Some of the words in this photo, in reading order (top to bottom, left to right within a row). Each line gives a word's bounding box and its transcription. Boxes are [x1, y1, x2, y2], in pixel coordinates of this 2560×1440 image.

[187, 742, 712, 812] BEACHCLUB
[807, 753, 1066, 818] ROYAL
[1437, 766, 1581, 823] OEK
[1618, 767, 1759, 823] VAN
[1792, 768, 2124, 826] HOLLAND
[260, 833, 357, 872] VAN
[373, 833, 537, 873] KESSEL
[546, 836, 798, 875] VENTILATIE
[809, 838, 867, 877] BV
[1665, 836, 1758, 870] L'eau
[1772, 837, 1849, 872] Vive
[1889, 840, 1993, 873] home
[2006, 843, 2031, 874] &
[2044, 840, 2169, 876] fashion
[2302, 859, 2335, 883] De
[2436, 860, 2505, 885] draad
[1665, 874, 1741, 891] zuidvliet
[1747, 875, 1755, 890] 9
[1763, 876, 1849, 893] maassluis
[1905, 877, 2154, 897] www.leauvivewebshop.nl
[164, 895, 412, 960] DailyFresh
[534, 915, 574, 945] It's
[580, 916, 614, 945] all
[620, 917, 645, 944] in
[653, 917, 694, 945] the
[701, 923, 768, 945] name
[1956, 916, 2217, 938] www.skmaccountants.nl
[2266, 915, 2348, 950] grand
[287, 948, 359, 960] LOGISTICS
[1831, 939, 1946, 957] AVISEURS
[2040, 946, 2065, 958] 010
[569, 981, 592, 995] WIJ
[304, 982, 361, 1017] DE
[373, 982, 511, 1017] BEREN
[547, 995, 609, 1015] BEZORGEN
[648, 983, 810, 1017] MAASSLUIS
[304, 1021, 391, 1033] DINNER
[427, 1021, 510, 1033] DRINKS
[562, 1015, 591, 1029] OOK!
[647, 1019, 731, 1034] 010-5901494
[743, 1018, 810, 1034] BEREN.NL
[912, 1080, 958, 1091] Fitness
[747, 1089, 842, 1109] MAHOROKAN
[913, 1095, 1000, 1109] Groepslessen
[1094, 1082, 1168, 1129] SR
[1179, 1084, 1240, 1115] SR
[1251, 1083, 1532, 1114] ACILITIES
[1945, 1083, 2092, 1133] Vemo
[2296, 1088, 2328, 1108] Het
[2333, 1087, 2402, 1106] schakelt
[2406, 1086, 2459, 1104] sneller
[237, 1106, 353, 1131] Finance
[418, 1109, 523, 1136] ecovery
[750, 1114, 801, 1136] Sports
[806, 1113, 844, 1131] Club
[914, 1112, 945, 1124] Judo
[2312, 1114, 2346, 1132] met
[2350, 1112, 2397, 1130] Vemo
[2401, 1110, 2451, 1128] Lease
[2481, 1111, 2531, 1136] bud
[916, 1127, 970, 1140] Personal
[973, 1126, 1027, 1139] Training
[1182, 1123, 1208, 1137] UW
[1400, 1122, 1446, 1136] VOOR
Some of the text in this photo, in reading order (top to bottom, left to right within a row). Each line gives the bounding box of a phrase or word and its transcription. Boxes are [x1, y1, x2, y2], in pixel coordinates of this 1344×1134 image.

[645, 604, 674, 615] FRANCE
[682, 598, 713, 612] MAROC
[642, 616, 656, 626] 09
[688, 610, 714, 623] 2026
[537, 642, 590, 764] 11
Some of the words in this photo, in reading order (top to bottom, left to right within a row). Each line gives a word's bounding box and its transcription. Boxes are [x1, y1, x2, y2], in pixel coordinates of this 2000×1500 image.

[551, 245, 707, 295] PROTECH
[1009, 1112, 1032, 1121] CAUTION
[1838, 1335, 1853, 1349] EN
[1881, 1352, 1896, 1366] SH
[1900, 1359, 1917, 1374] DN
.....
> **Problem requirements**
Without omitting anything, retype all of the material above exactly.

> **Result for this task**
Some of the words in this photo, in reading order (top to bottom, left to right within a row). Each line gives a word's bounding box and its transcription. Boxes are [x1, y1, x2, y2], in pixel coordinates of this 2560×1440 image.

[187, 742, 712, 812] BEACHCLUB
[807, 753, 1066, 818] ROYAL
[1437, 766, 1581, 823] OEK
[1618, 767, 1759, 823] VAN
[1792, 768, 2124, 826] HOLLAND
[260, 833, 357, 872] VAN
[373, 833, 537, 873] KESSEL
[546, 836, 798, 875] VENTILATIE
[809, 838, 867, 877] BV
[1665, 836, 1758, 870] L'eau
[1772, 837, 1849, 872] Vive
[1889, 840, 1993, 873] home
[2006, 843, 2031, 874] &
[2044, 840, 2169, 876] fashion
[2302, 859, 2335, 883] De
[2436, 860, 2505, 885] draad
[1665, 874, 1741, 891] zuidvliet
[1747, 875, 1755, 890] 9
[1763, 876, 1849, 893] maassluis
[1905, 877, 2154, 897] www.leauvivewebshop.nl
[164, 895, 412, 960] DailyFresh
[534, 915, 574, 945] It's
[580, 916, 614, 945] all
[620, 917, 645, 944] in
[653, 917, 694, 945] the
[701, 923, 768, 945] name
[1956, 916, 2217, 938] www.skmaccountants.nl
[2266, 915, 2348, 950] grand
[287, 948, 359, 960] LOGISTICS
[1831, 939, 1946, 957] AVISEURS
[2040, 946, 2065, 958] 010
[569, 981, 592, 995] WIJ
[304, 982, 361, 1017] DE
[373, 982, 511, 1017] BEREN
[547, 995, 609, 1015] BEZORGEN
[648, 983, 810, 1017] MAASSLUIS
[304, 1021, 391, 1033] DINNER
[427, 1021, 510, 1033] DRINKS
[562, 1015, 591, 1029] OOK!
[647, 1019, 731, 1034] 010-5901494
[743, 1018, 810, 1034] BEREN.NL
[912, 1080, 958, 1091] Fitness
[747, 1089, 842, 1109] MAHOROKAN
[913, 1095, 1000, 1109] Groepslessen
[1094, 1082, 1168, 1129] SR
[1179, 1084, 1240, 1115] SR
[1251, 1083, 1532, 1114] ACILITIES
[1945, 1083, 2092, 1133] Vemo
[2296, 1088, 2328, 1108] Het
[2333, 1087, 2402, 1106] schakelt
[2406, 1086, 2459, 1104] sneller
[237, 1106, 353, 1131] Finance
[418, 1109, 523, 1136] ecovery
[750, 1114, 801, 1136] Sports
[806, 1113, 844, 1131] Club
[914, 1112, 945, 1124] Judo
[2312, 1114, 2346, 1132] met
[2350, 1112, 2397, 1130] Vemo
[2401, 1110, 2451, 1128] Lease
[2481, 1111, 2531, 1136] bud
[916, 1127, 970, 1140] Personal
[973, 1126, 1027, 1139] Training
[1182, 1123, 1208, 1137] UW
[1400, 1122, 1446, 1136] VOOR
Some of the text in this photo, in reading order (top to bottom, left to right within a row). Each line gives the bounding box of a phrase or word and its transcription. Boxes are [x1, y1, x2, y2], in pixel coordinates of this 1344×1134 image.

[645, 604, 674, 615] FRANCE
[682, 598, 713, 612] MAROC
[642, 616, 656, 626] 09
[688, 610, 714, 623] 2026
[537, 642, 590, 764] 11
Some of the words in this photo, in reading order (top to bottom, left to right within a row). Each line gives a word's bounding box and its transcription. Boxes are [x1, y1, x2, y2], in pixel coordinates of this 2000×1500 image.

[551, 245, 707, 295] PROTECH
[1009, 1112, 1032, 1121] CAUTION
[1838, 1335, 1853, 1349] EN
[1881, 1352, 1896, 1366] SH
[1900, 1359, 1917, 1374] DN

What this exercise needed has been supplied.